## TASK ITEM
Output all the records below, word for word.

## RECORDED INFORMATION
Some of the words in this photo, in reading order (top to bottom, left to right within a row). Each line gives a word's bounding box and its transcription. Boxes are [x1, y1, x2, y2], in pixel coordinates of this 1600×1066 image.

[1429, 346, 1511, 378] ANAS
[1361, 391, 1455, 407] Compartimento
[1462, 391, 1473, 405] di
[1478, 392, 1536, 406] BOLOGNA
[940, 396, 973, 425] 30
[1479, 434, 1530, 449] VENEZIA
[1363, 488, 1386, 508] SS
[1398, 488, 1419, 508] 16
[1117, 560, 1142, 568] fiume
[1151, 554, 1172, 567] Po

## EXERCISE OUTPUT
Some of the words in this photo, in reading order (top to bottom, left to right within a row). Each line gives a word's bounding box and its transcription. Boxes are [x1, y1, x2, y2], in pixel coordinates of this 1600×1066 image.

[1429, 346, 1511, 378] ANAS
[1361, 391, 1455, 407] Compartimento
[1462, 391, 1473, 405] di
[1478, 392, 1536, 406] BOLOGNA
[940, 396, 973, 425] 30
[1479, 434, 1530, 449] VENEZIA
[1363, 488, 1386, 508] SS
[1398, 488, 1419, 508] 16
[1117, 560, 1142, 568] fiume
[1151, 554, 1172, 567] Po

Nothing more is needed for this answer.